January Speaker: “The ABC’s of Rock Collecting: Accumulation Becomes Collection” by Gene Meieran
by Ken Rock, MSDC Editor
Our speaker for January, Gene Meieran, began collecting rocks during a visit to his father’s birthplace in Norway and has never stopped! He will tell us a story about the transformation of a curious kid accumulating rocks into a serious collector and scientist because of his proximity to museums and his interactions with people who knew more than him and were willing to share their knowledge and experience.
History of Accumulating and Collecting
Gene’s talk will describe how his interest in collecting began as a child, how that interest led him to begin accumulating a collection, first including all types of rocks, and later becoming more focused as he began collecting crystals which spurred his innate curiosity about unusual findings. As Gene said, that was his start of accumulating a collection: pick up and question everything that looked unusual!
“My fascination with real identifiable specimens led me to start to label the rocks I found; first steps in transforming to becoming a collector.
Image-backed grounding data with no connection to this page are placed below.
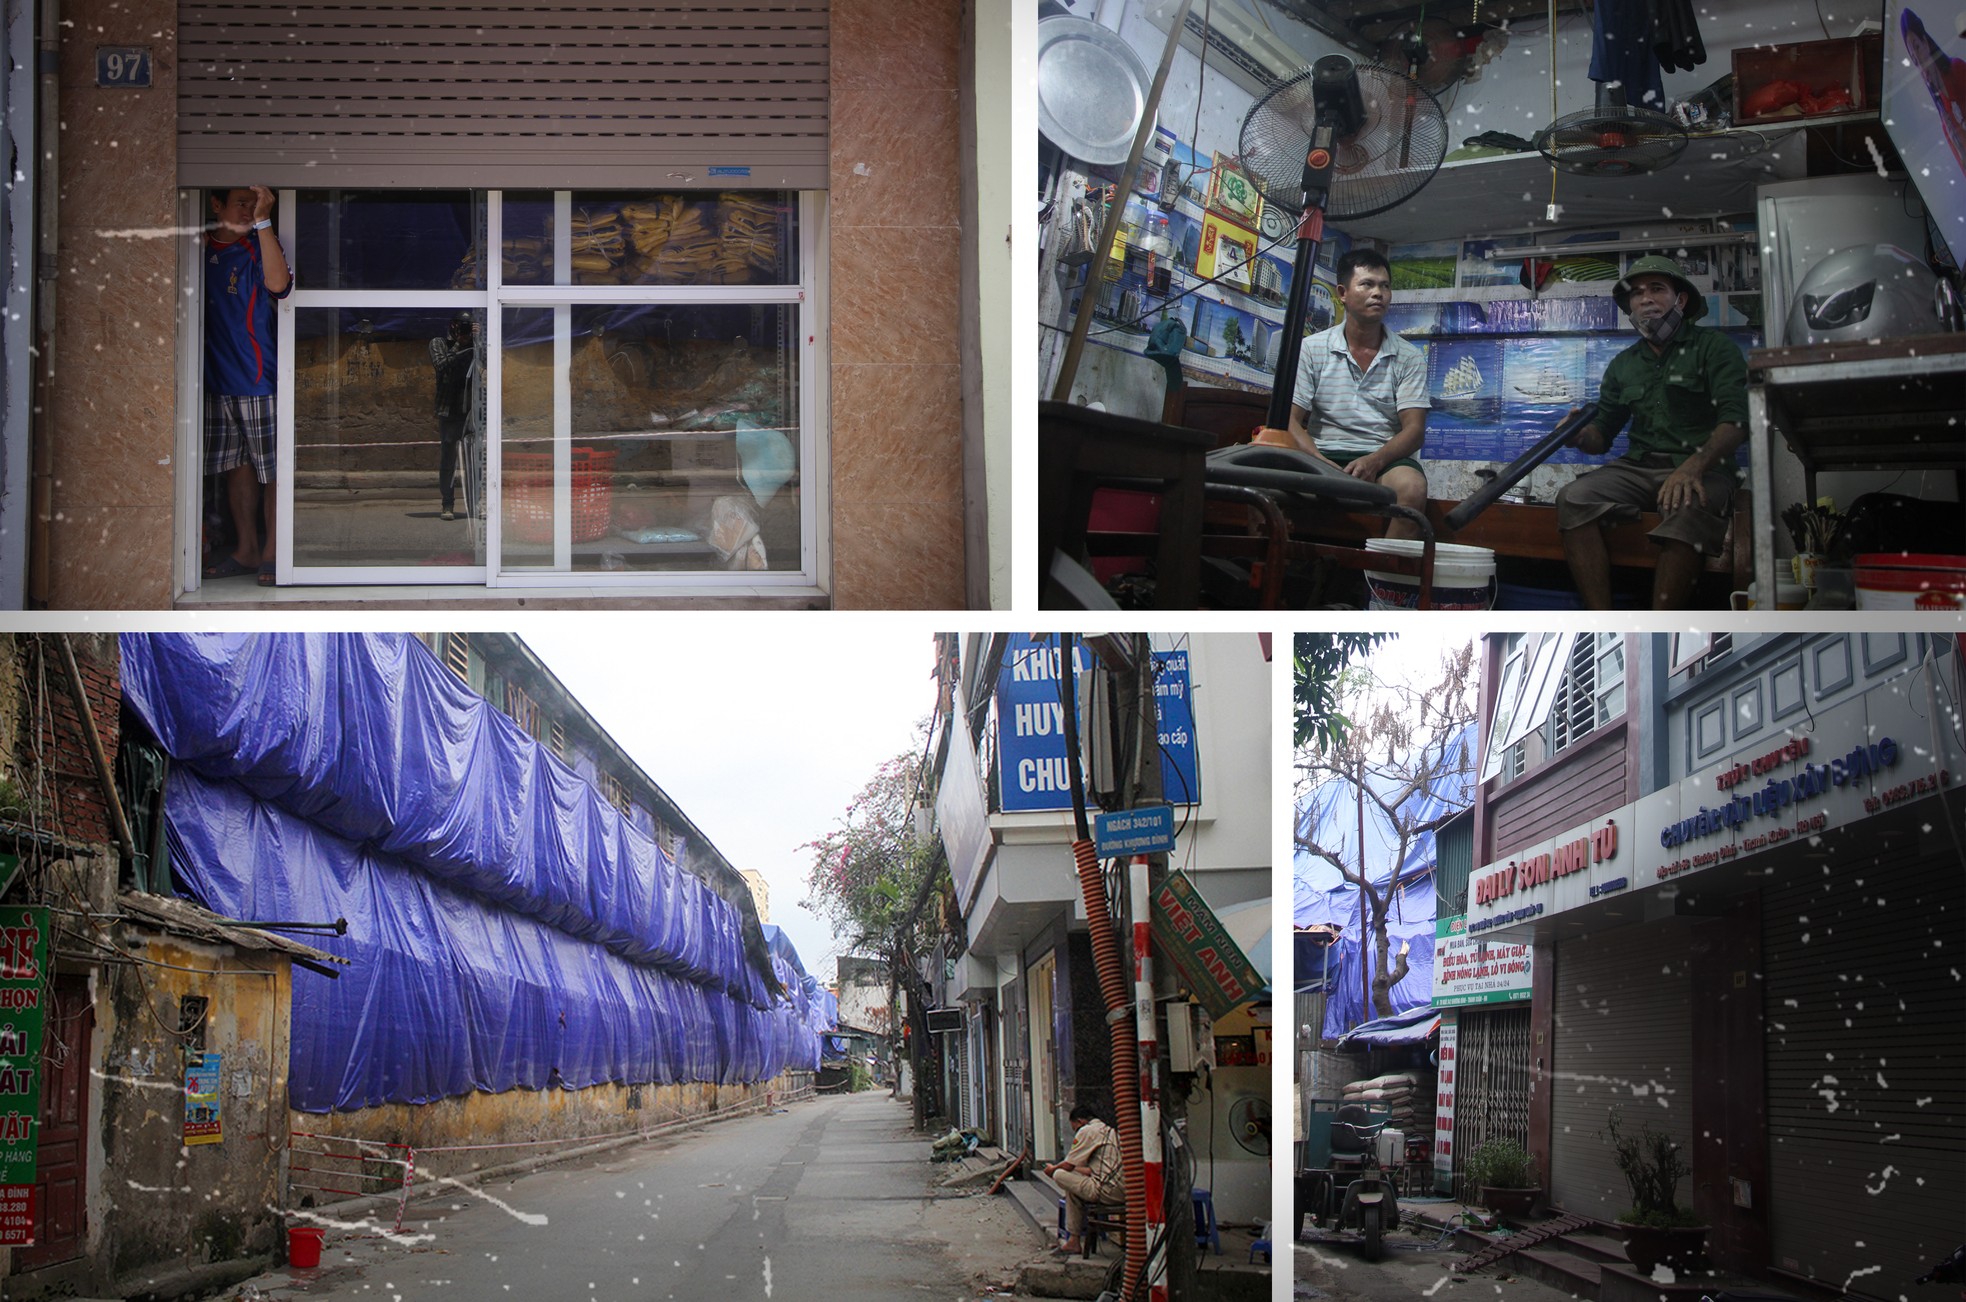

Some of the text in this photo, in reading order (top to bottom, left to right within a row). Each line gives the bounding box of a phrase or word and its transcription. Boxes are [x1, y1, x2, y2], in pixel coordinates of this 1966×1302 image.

[107, 53, 141, 81] 97
[1158, 732, 1170, 746] ao
[1550, 837, 1589, 880] ANH
[1157, 886, 1204, 944] VIỆT
[1195, 945, 1246, 1003] ANH
[1214, 934, 1244, 971] NON
At the same time, my interest in the properties of these specimens (transparent crystals, cubic crystals, hard crystals, hexagonal crystals) took over my accumulation habit and I decided to become a materials scientist and actually study these properties for a living.”
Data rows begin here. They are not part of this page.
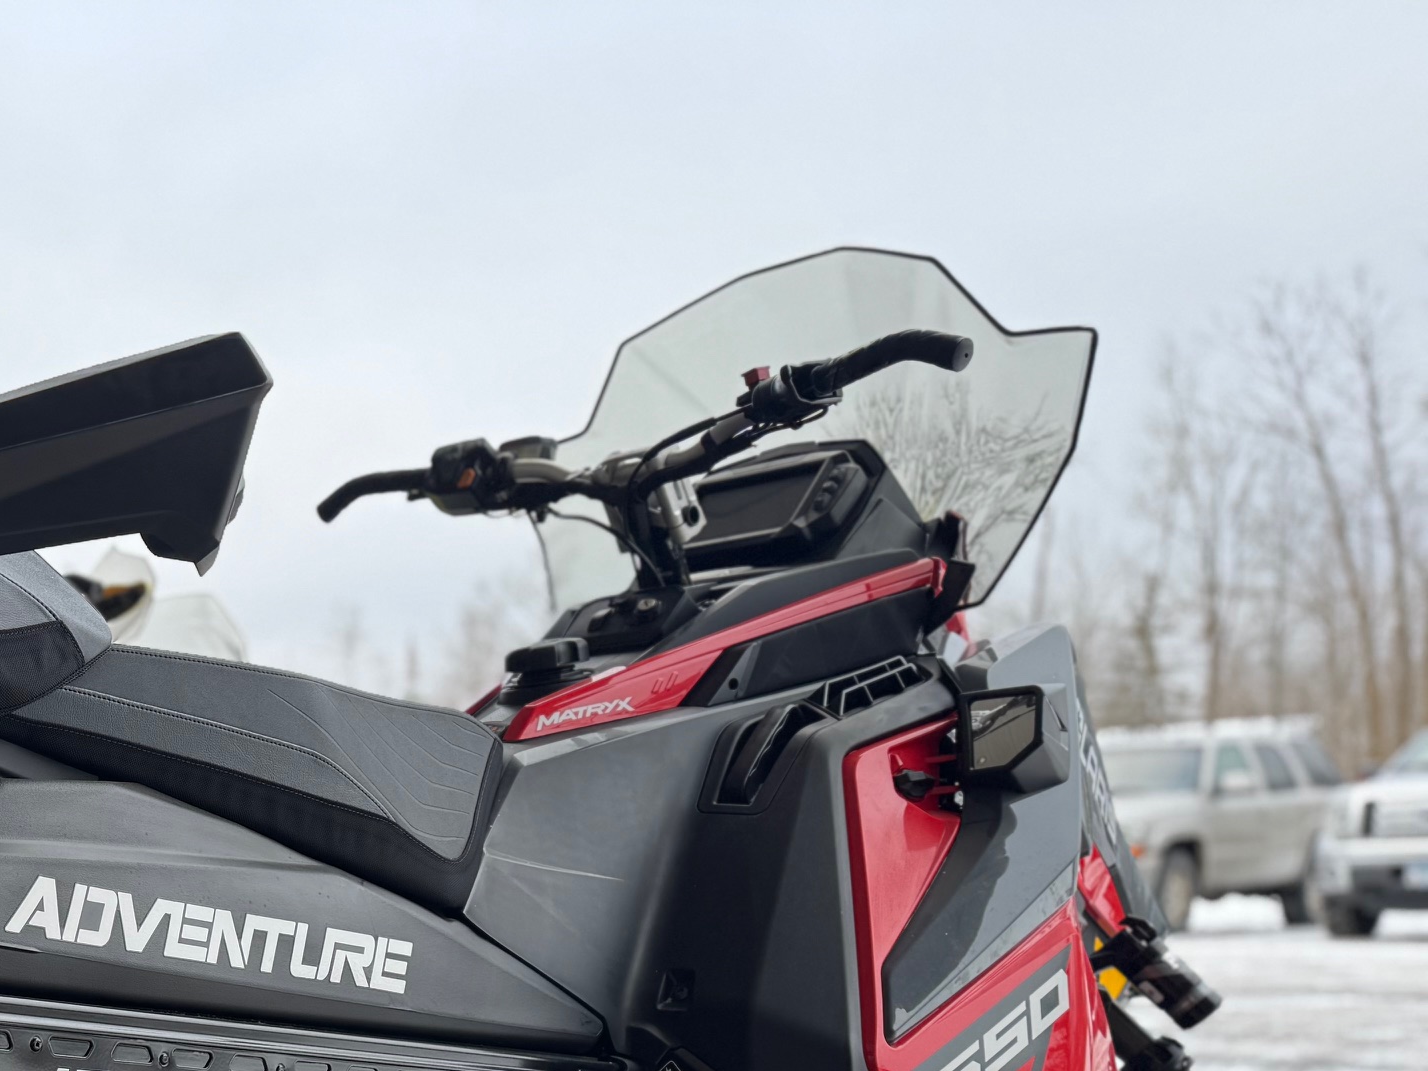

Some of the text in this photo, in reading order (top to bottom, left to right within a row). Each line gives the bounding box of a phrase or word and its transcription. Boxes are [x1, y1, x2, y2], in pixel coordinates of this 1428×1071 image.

[536, 696, 635, 731] MATRYX
[1076, 697, 1117, 845] LARIS
[5, 875, 413, 994] ADVENTURE
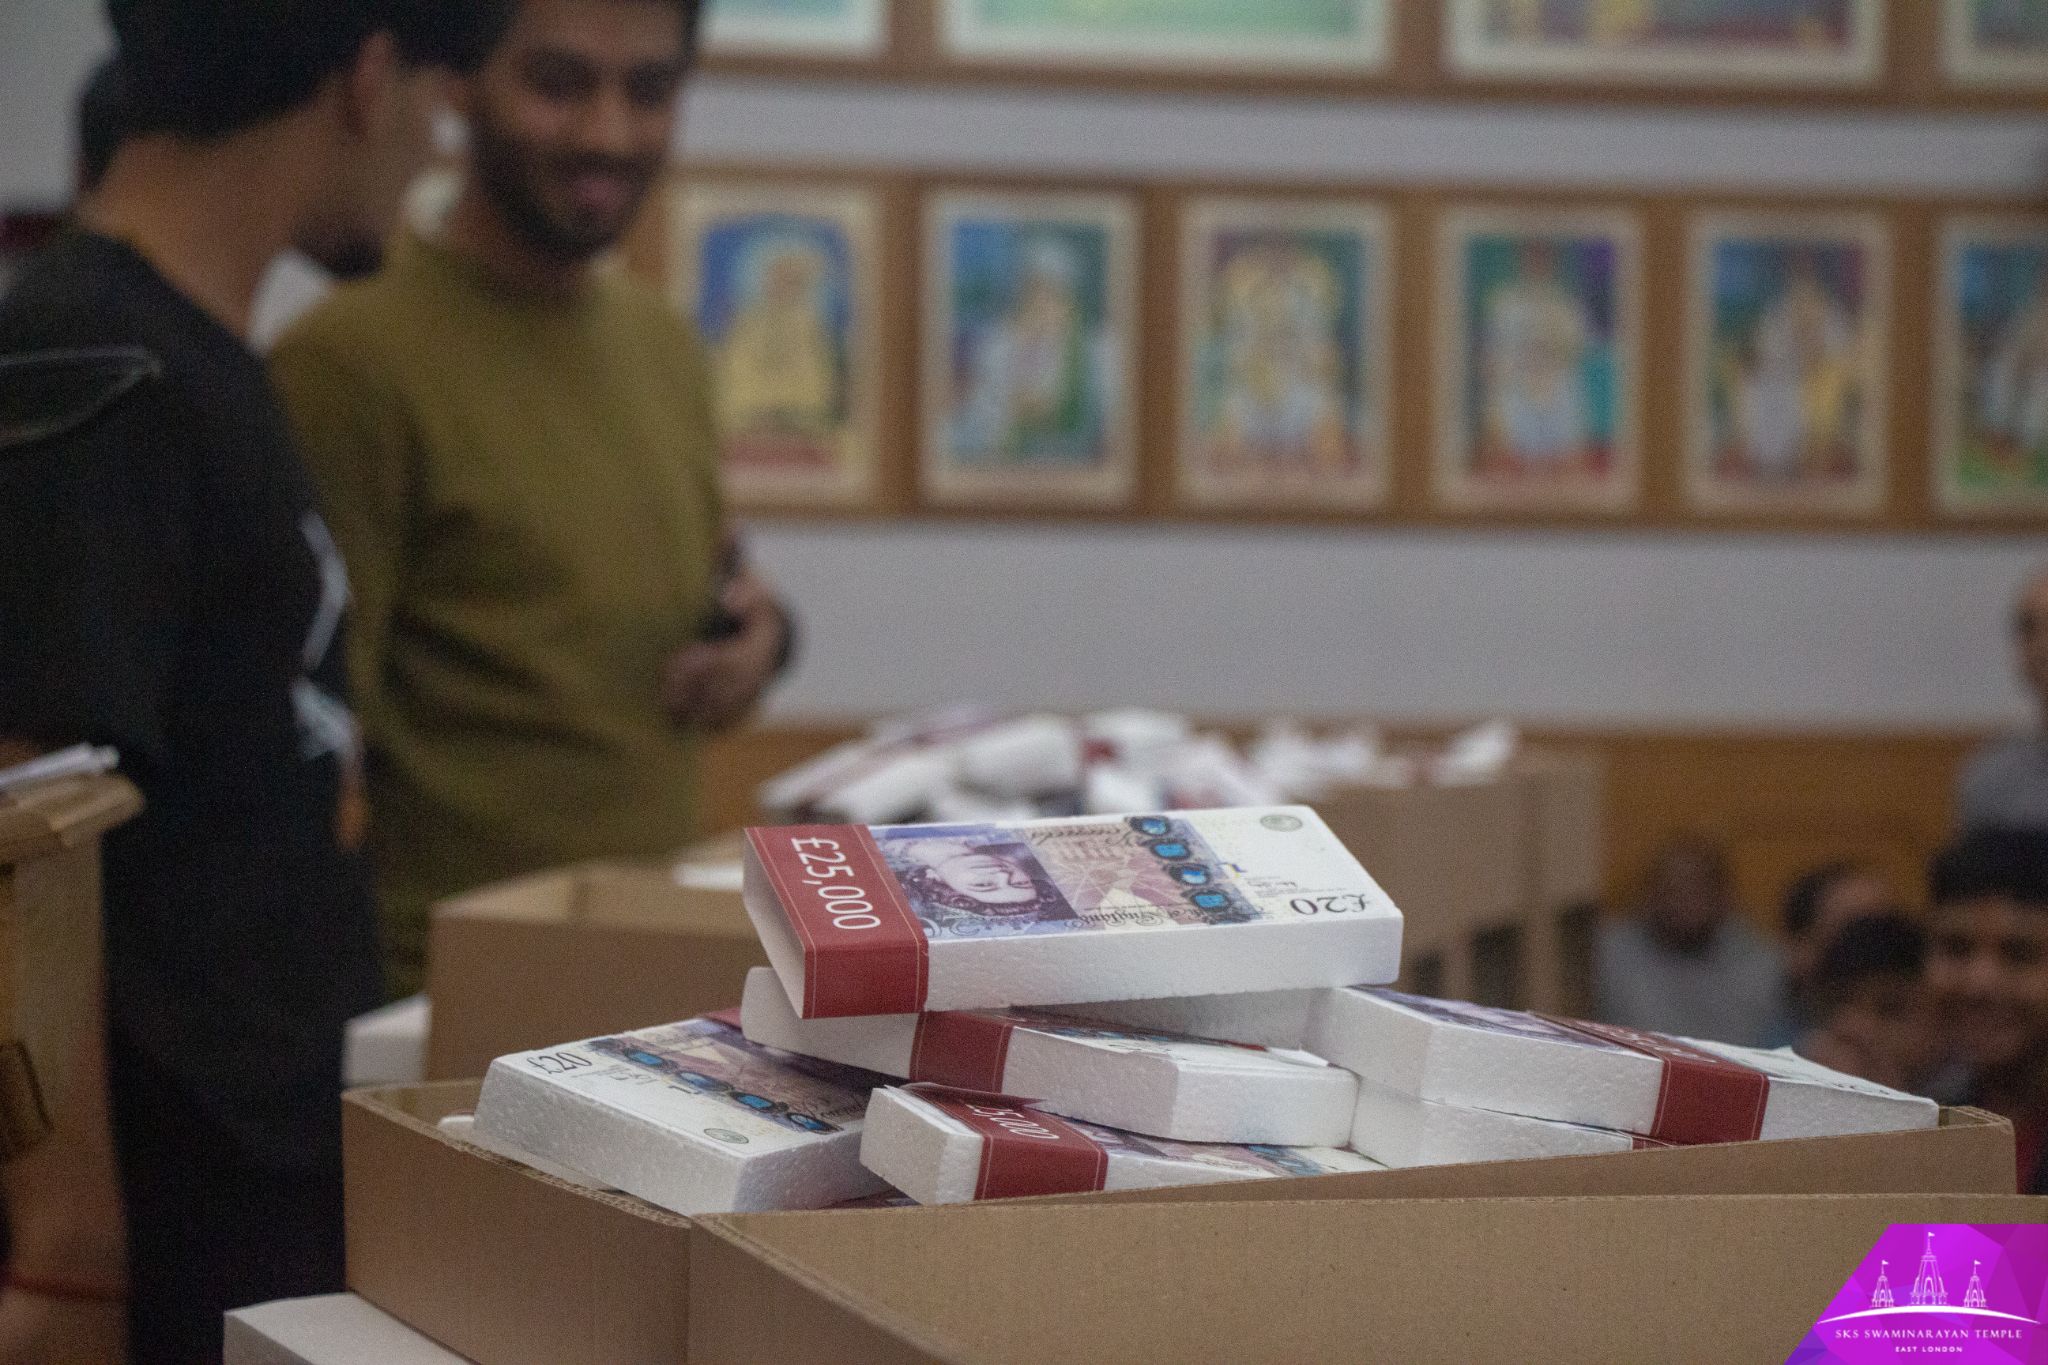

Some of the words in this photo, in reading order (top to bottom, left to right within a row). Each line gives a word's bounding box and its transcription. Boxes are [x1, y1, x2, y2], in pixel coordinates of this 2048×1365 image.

[790, 837, 881, 930] £25,000
[1289, 893, 1371, 916] £20
[527, 1050, 594, 1075] £20
This accumulation phase lasted more than 20 years and changed into a collection phase when Gene met Wayne Thompson and started collecting crystals that Wayne was importing from Pakistan. Gene says that he was becoming better known and welcomed to visit museums all over the world, as a result of his professional knowledge of crystal properties. Seeing and being able to purchase truly outstanding specimens was the last nail; the period accumulation was officially over. In one deal, he got rid of all sulfides, carbonates, oxides, sulphates, fluorides …. in exchange for one single crystal! He was well on the way to building a collection!
Speaker Bio
Gene was born in Cleveland, Ohio, in 1937. His early interest in collecting rocks led him to pursue a BS in metallurgy at Purdue, followed by an ScD at MIT in 1963. His work on properties of single crystals led him to work on semiconductor crystals sf Fairchild and Intel, pioneers of the semiconductor industry.
After retirement from Intel as a Senior Fellow in 2009, he became involved as a Board member for both the Rice Northwest Museum of Rocks and Minerals and the University of Arizona Alfie Norville Museum in Tucson. During all these years since 1949, he has continued to collect rocks, primarily single crystals. Gene was elected to the National Academy of Engineering in 2002, received the Carnegie Medal in 2004, and an honorary doctorate from Purdue in 2006. His wife Rosalind is an artist working in clay and paints.